Work Header

Xue Yang Wreaks Havoc in Lanling

Work Text:

A long time ago in a land far, far away, (said the prisoner to himself), on an islet off the coast near the town of Kuizhou was a little stone. And the rain watered it and the sun shone upon it and the wind blew upon it, and one day it cracked open to reveal a little child. And beams shot from the child’s eyes upon his birth and even as far away as Lanling the great sect leaders of the cultivation world took note of the strange occurrence.

The child swam to the town of Kuizhou and since he came from the ocean, and since the predominant surname in Kuizhou was “Xue,” they called him Xue Yang. Xue Yang played happily in streets of the town with the other children. One day while they were playing, they came upon an abandoned building and the children were afraid.

“What could be inside that building?” They asked

“Do you think there could be ghosts?”

“Or bandits?”

“Or toys?”

“Whoever dares enter the building first, he shall be our leader and we shall call him Zongzhu,” they decided.

“I shall go!” cried Xue Yang, and he went up to the building and tried the door. It opened and he discovered that the inside of the building was warm and dry, but obviously abandoned. He explored and found it safe, so he went back outside to the other children and told them to come inside.

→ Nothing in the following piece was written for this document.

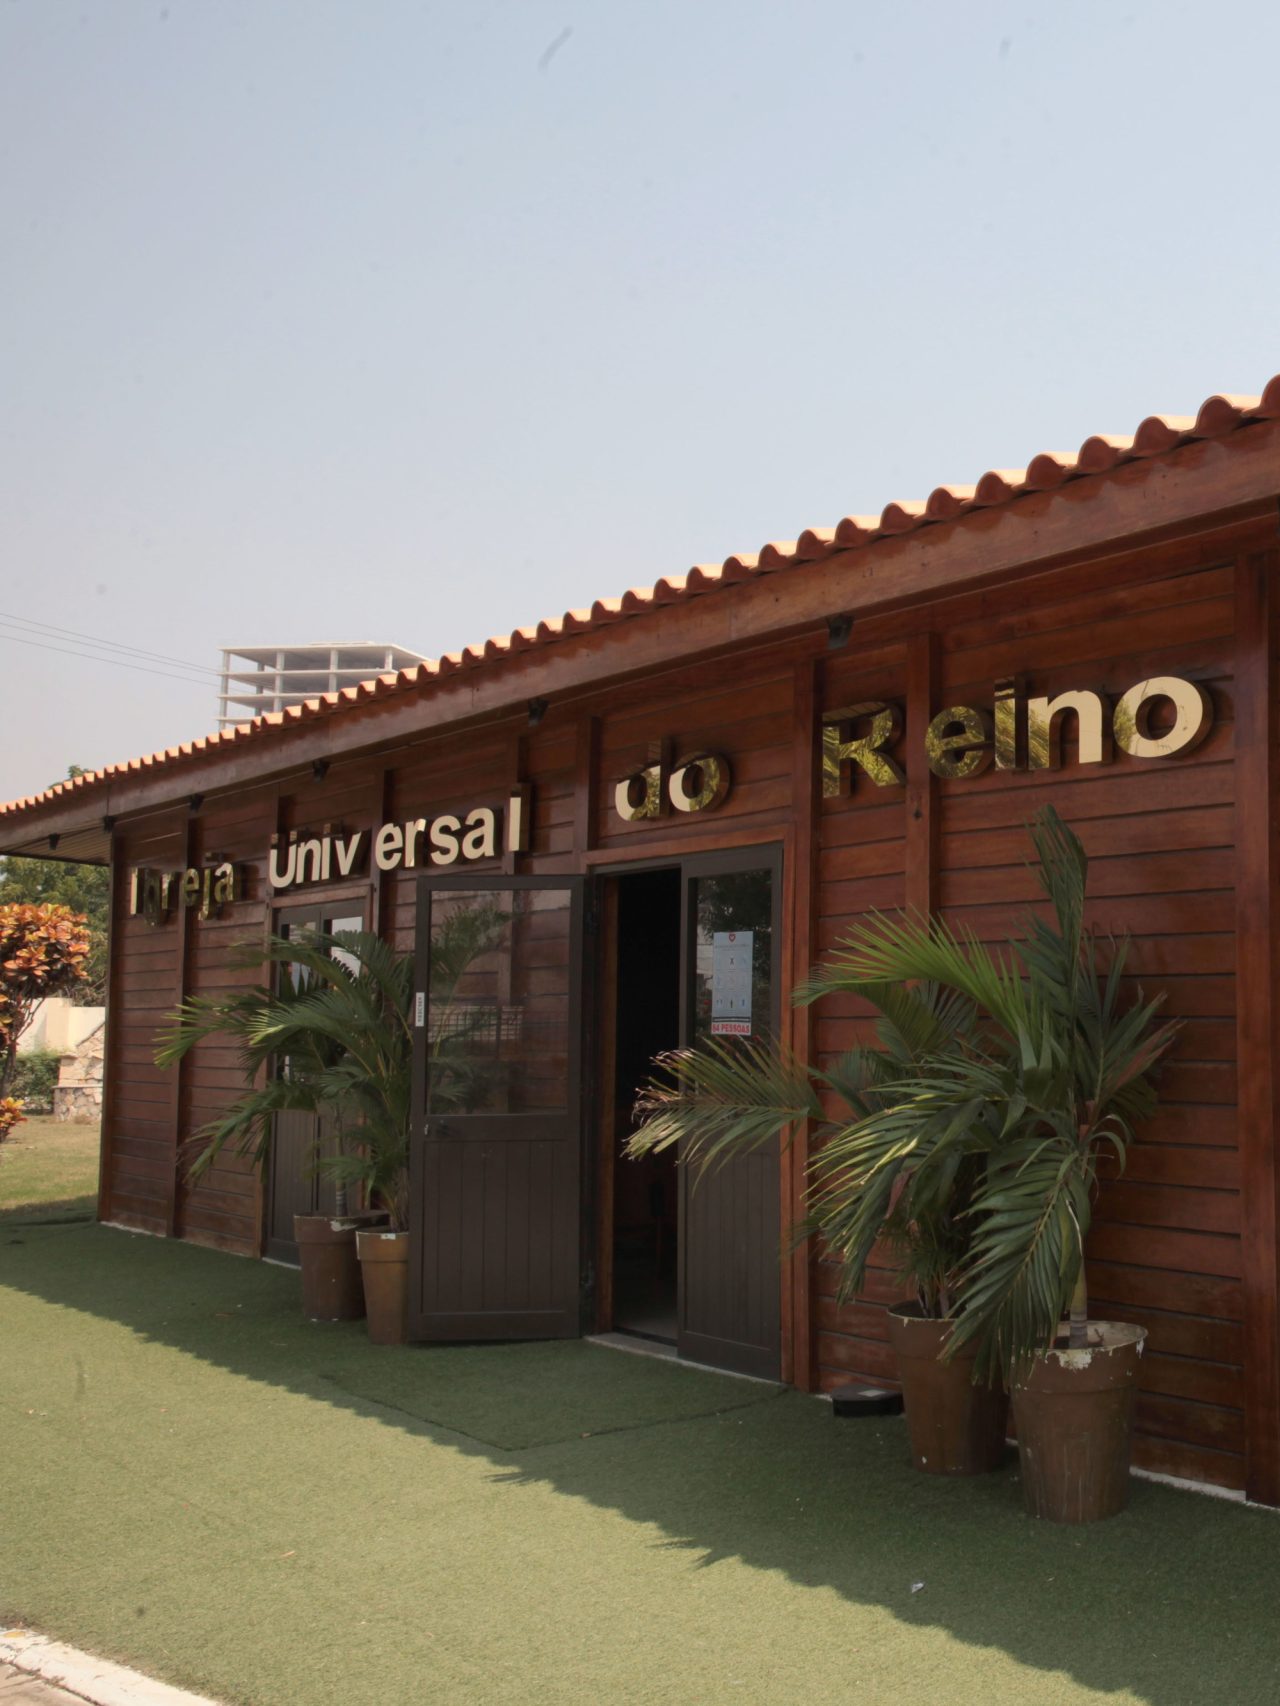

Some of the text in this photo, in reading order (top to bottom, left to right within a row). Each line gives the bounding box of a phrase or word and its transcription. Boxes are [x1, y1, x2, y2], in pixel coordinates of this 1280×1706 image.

“We can make this our new home,” he told them. And they declared him their sect leader, Xue-Zongzhu, and they lived very happily.

One day Xue-Zongzhu had an encounter with a cultivator and lost his little finger. He was outraged. How could there be such evil in the world? And he determined that he would go out in the world to find the secret to conquering death, illness and injury.

He traveled long and far and came to the magical realm of the Yiling Laozu, a fearsome master who could raise the dead.

“Modao Zushi,” cried Xue Yang, “please teach me!”

“You’re a little street punk,” said the Yiling Laozu. “My teachings would be wasted on you.”

But Xue Yang was persistent. Every day he waited at the entrance to the Burial Mounds and begged for the Yiling Laozu to teach him the way to conquer death.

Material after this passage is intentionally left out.